I am a huge advocate for healthy and organic foods, but I totally agree with this post. There is plenty of research that shows that inner city groceries have higher prices and less selection than suburban groceries, making it even more difficult for many low income families to feed themselves, whether healthy foods or not.

Even if people knew what to eat and better ways to shop, it is still extremely difficult to eat a mostly organic diet on a small income.

La Leche League offers some nutritional advice at their meetings, and they concentrate on the basics of shopping. They advocate shopping mainly the outside aisles of the store (that's where the meat, dairy and veggies usually are). They also advocate trying to eat foods in as close to their natural state as possible. I think those are basic, doable ideas for improving family nutrition regardless of income.

Meredith said...

I think our agricultural extension service offers some classes in community centers within low income neighborhoods, too. I'm not sure my LLL group ever discussed healthy shopping in the year I attended, but since all the other moms were of similar backgrounds, why bother?

mothersong said...

I wanted to add that La Leche League has a cookbook, called Whole Foods For The Whole Family that is very good for eating a healthier diet.

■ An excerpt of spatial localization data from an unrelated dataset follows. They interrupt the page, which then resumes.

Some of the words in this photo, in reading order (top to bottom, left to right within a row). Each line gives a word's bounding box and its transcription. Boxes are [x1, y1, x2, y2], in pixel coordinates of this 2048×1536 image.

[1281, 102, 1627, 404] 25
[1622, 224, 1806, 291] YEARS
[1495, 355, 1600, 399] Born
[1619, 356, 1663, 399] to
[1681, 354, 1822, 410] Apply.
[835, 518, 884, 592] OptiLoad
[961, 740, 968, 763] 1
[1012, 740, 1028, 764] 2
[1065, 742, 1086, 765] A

The recipes all come from LLL families, so they are "family tested" so to speak. They do use healthy ingredients, including wgole grains, tofu and soy flour, but nothing unusual or exotic. there are also lots of chicken and meat recipes, and lots of variations given for some recipes/

It's been one of my go-to recipe books for over 15 years, and it's still useful.

Laura Talbert said...

Very interesting post, Meredith. As someone who is at the poverty level ON PAPER, this is also a subject that is dear to me.

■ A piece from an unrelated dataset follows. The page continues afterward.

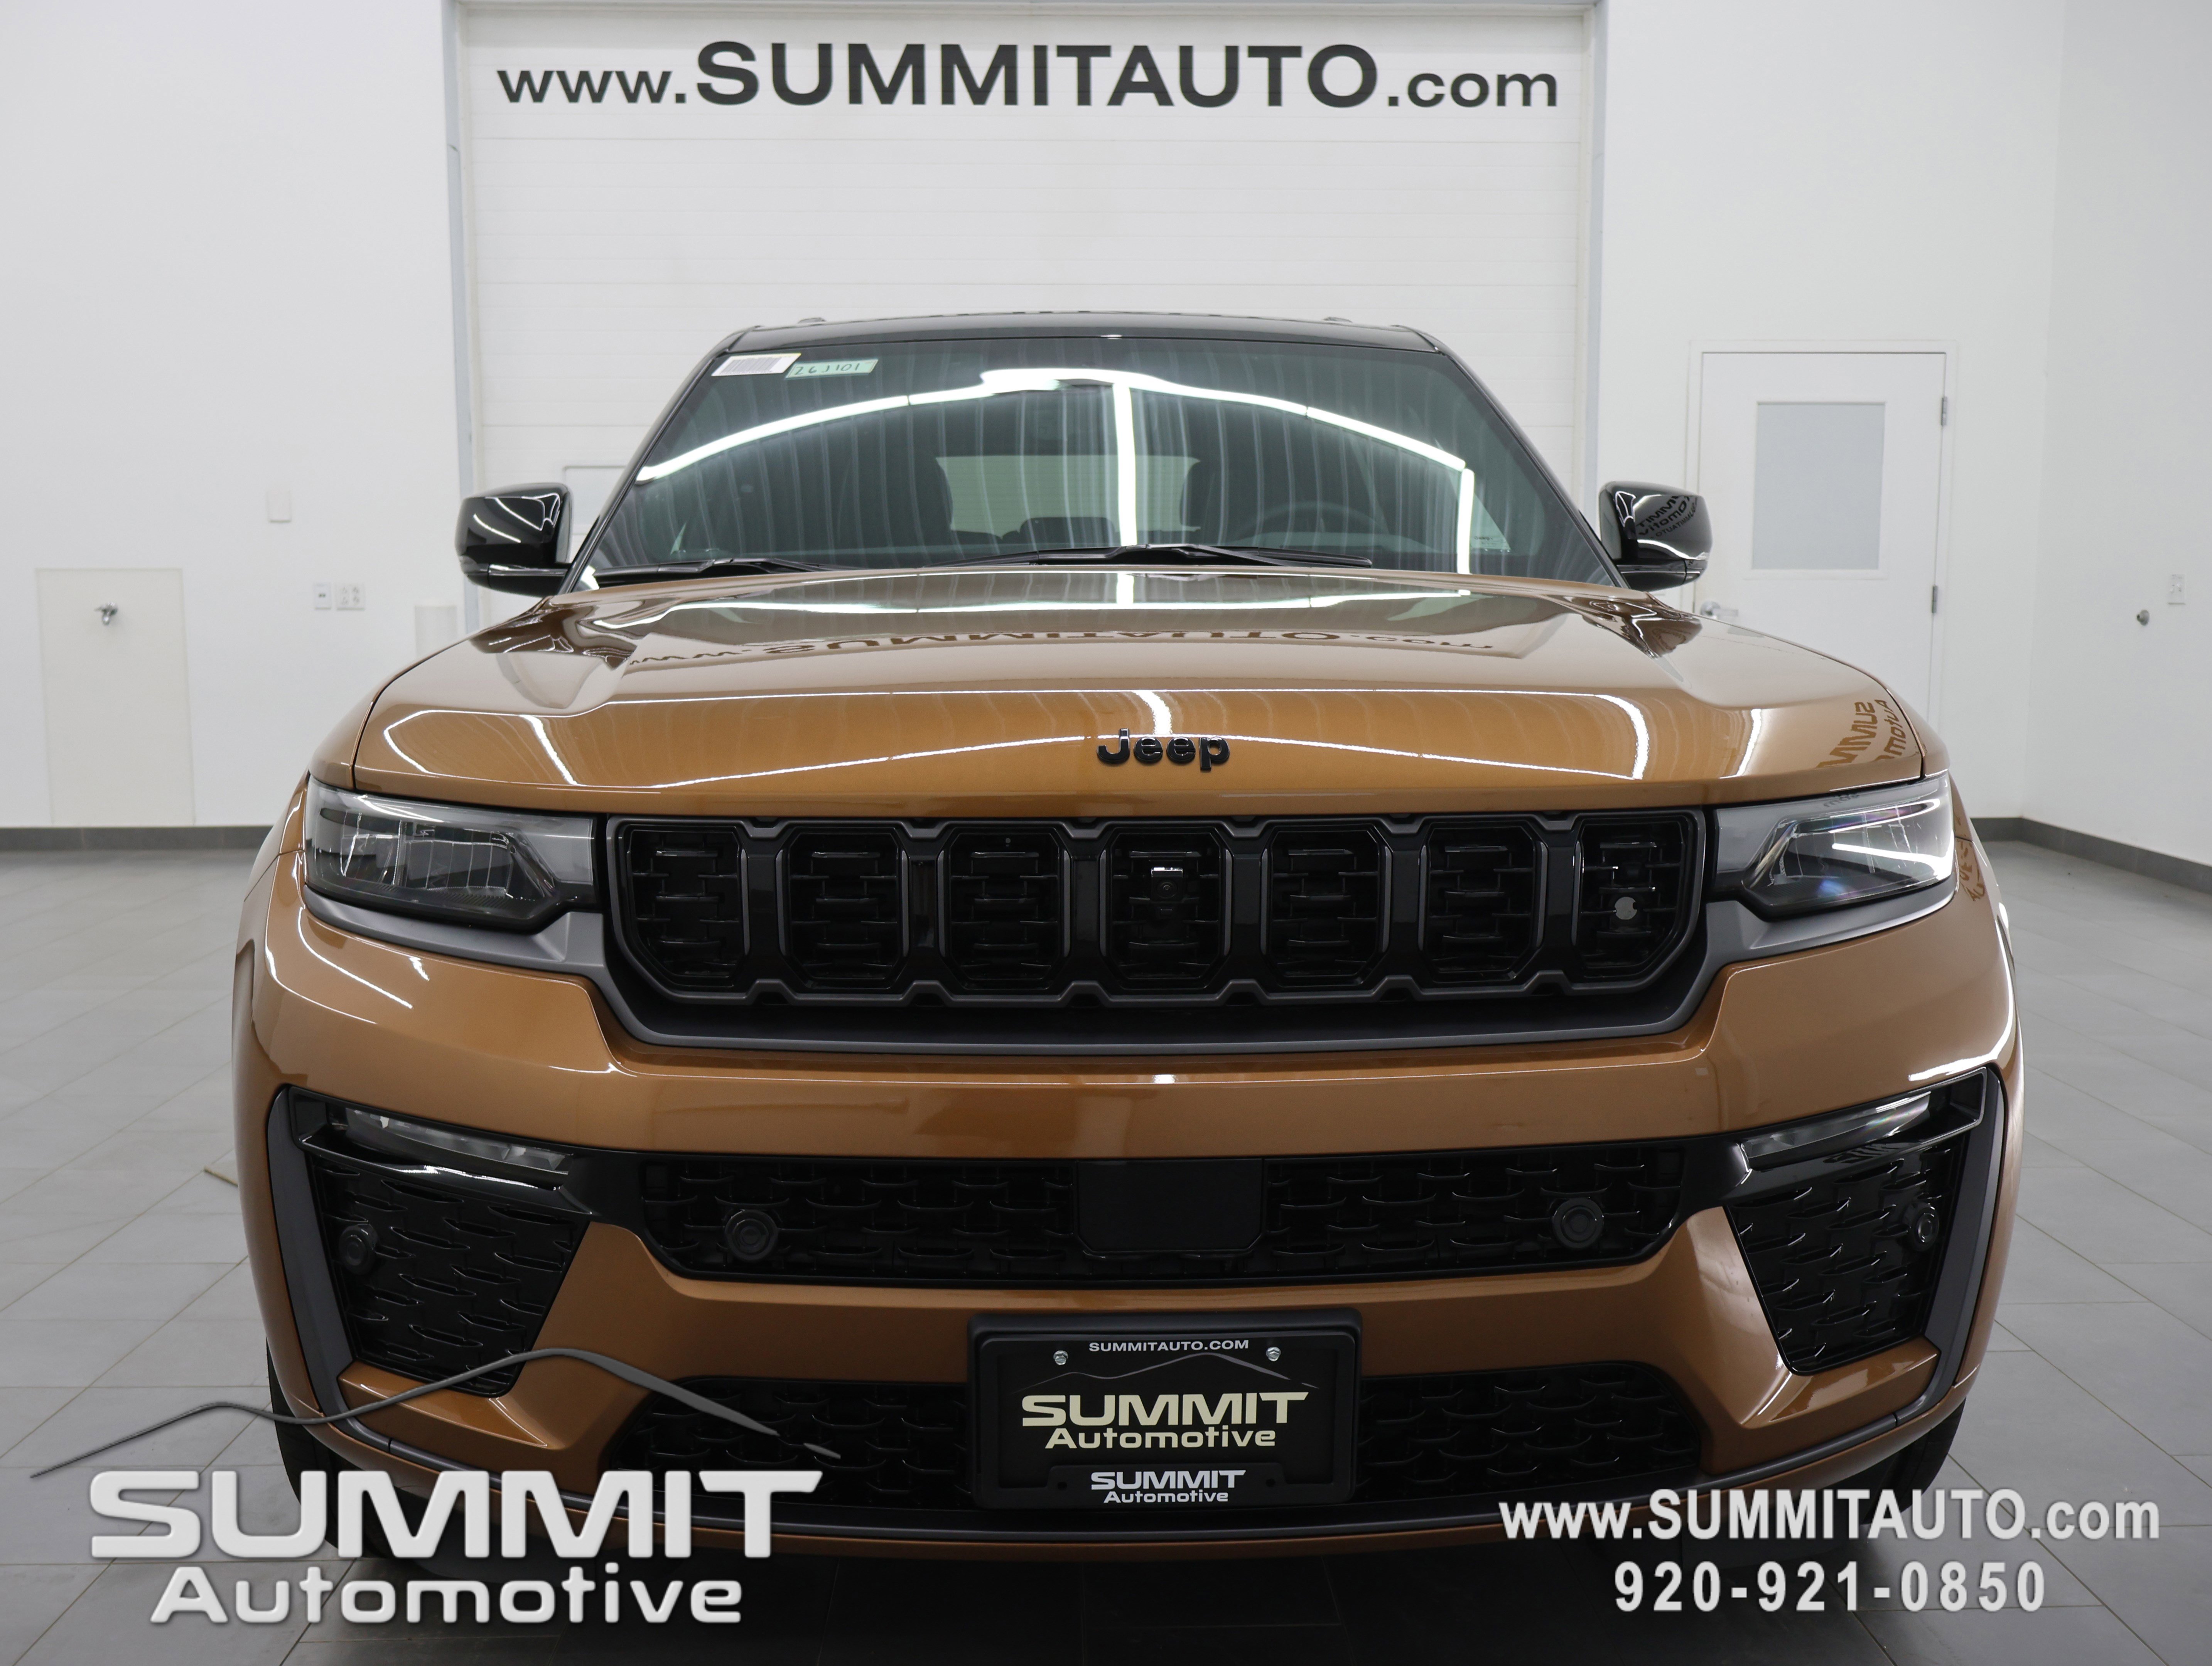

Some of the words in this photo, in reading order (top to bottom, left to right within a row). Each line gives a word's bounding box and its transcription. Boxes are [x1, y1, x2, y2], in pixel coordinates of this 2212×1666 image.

I think one of the hardest things to overcome for many people is habit. Many people eat what they grew up eating, and they cook they way they've seen it cooked. Even people who aren't poor are this way. My dad, who is an RN, still uses tons of butter, lard, and salt in everything he cooks. He loves white bread, white pasta, and lots of potatoes. He knows what he should be eating, but thinks his diet tastes "so much better". To learn to think about food, and cook it, differently (if nothing else!)is "too hard".

I see the same thing with my farmer relatives. They grow alot of their own food and raise their own beef. But the way they prepare it for eating? Well, if the green beans are black and floating in bacon grease, and there's gravy on just about everything, it doesn't really matter if it is organic. I once commented about it (nicely). They are convinced that they ARE eating healthy, it's homegrown after all.

All that to say, that even if you do buy super-healthy foods, organic and all that, it is just as important to know what to do with it once you've got it. That involves more than availability. It involves a new set of skills. When you're in survival mode, that may be the last thing on your mind. Even when you're not, its sometimes daunting.